[Dataset records]
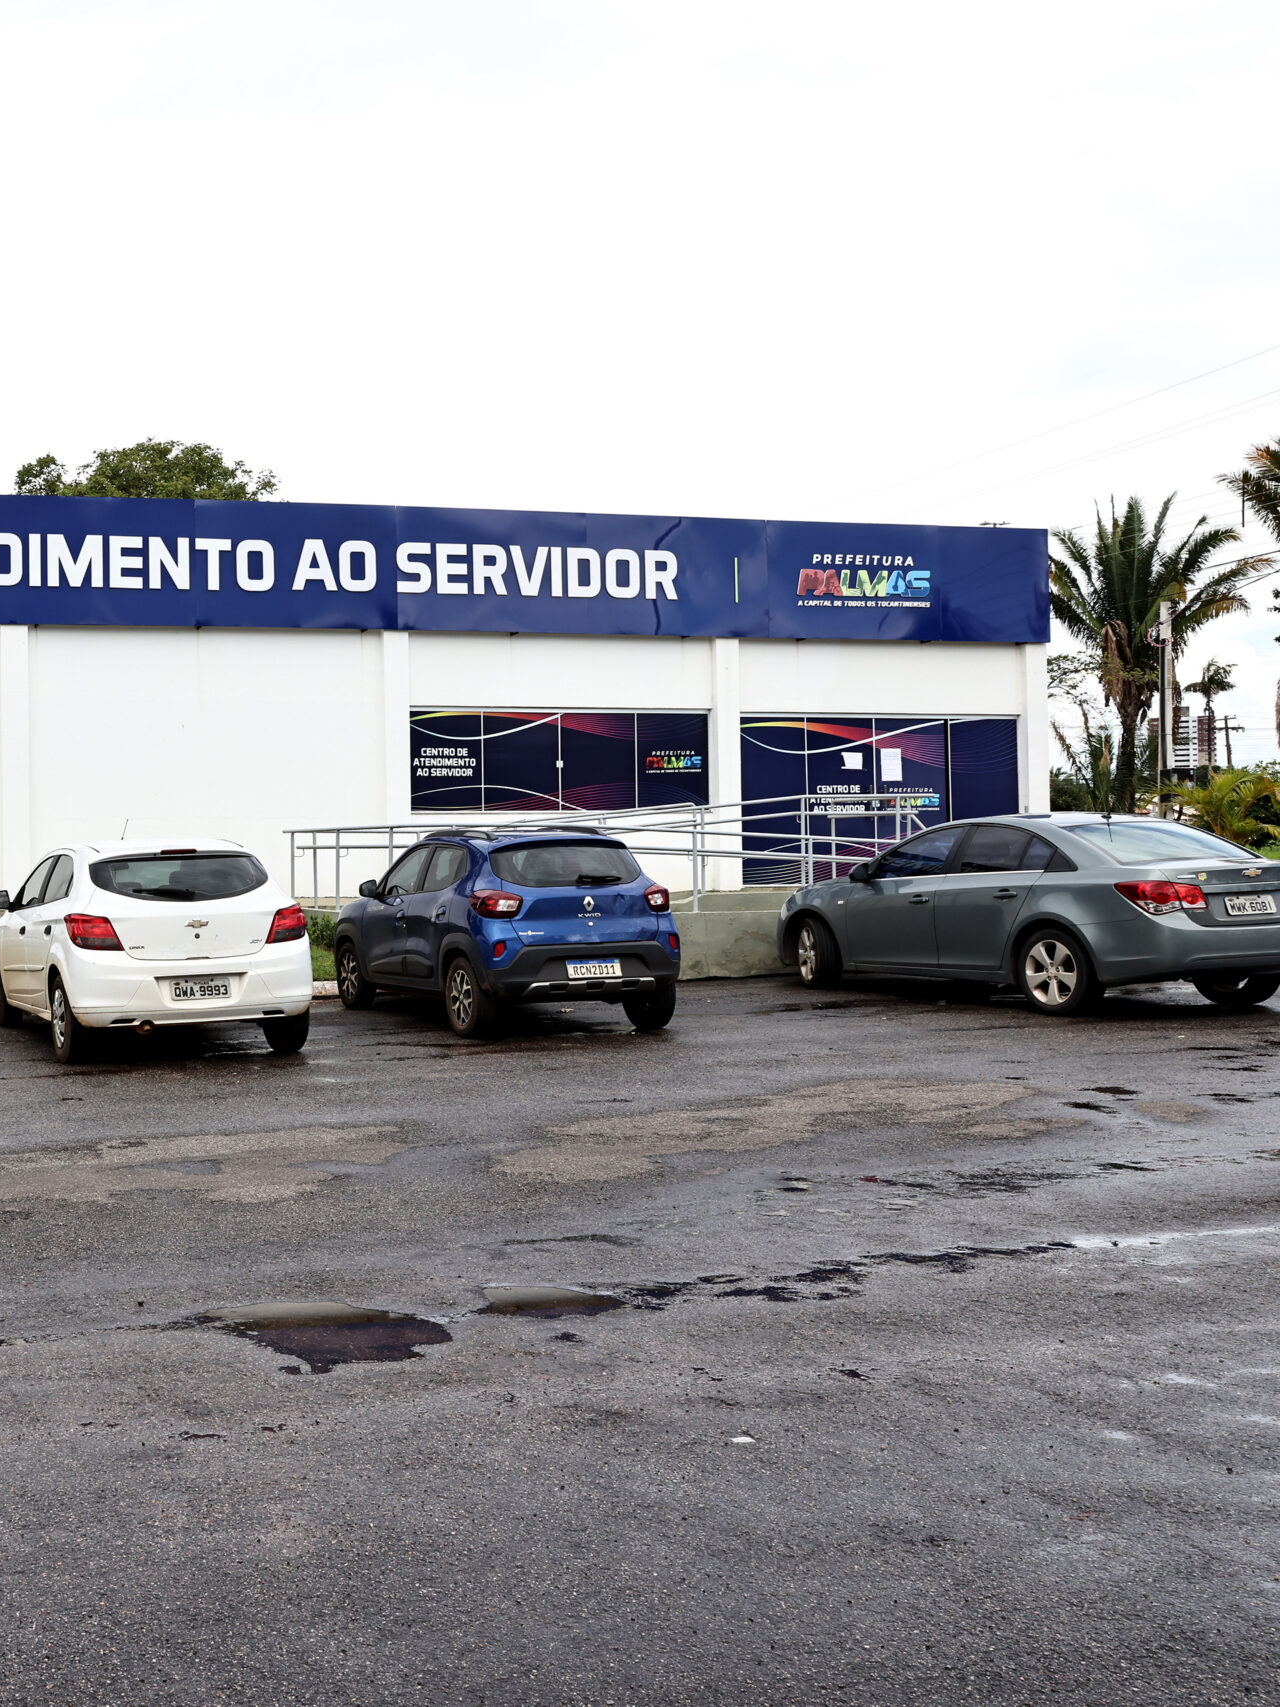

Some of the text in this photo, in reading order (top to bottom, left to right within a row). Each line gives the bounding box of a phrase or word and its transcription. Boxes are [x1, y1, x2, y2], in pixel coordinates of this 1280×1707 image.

[813, 554, 913, 566] PREFEITURA
[292, 539, 376, 591] AO
[396, 542, 678, 600] SERVIDOR
[796, 568, 931, 597] PALMAS
[421, 748, 468, 756] CENTRO DE
[413, 758, 476, 766] ATENDIMENTO
[646, 756, 702, 768] PALMAS
[417, 768, 473, 776] AO SERVIDOR
[817, 785, 861, 793] CENTRO DE
[573, 965, 616, 976] RCN2D11

Task instructions:
Write out the entries above in full and exactly; no pictures.

Result for this exercise:
Some of the text in this photo, in reading order (top to bottom, left to right within a row). Each line gives the bounding box of a phrase or word and its transcription. Boxes are [x1, y1, x2, y2], in pixel coordinates of this 1280×1707 image.

[813, 554, 913, 566] PREFEITURA
[292, 539, 376, 591] AO
[396, 542, 678, 600] SERVIDOR
[796, 568, 931, 597] PALMAS
[421, 748, 468, 756] CENTRO DE
[413, 758, 476, 766] ATENDIMENTO
[646, 756, 702, 768] PALMAS
[417, 768, 473, 776] AO SERVIDOR
[817, 785, 861, 793] CENTRO DE
[573, 965, 616, 976] RCN2D11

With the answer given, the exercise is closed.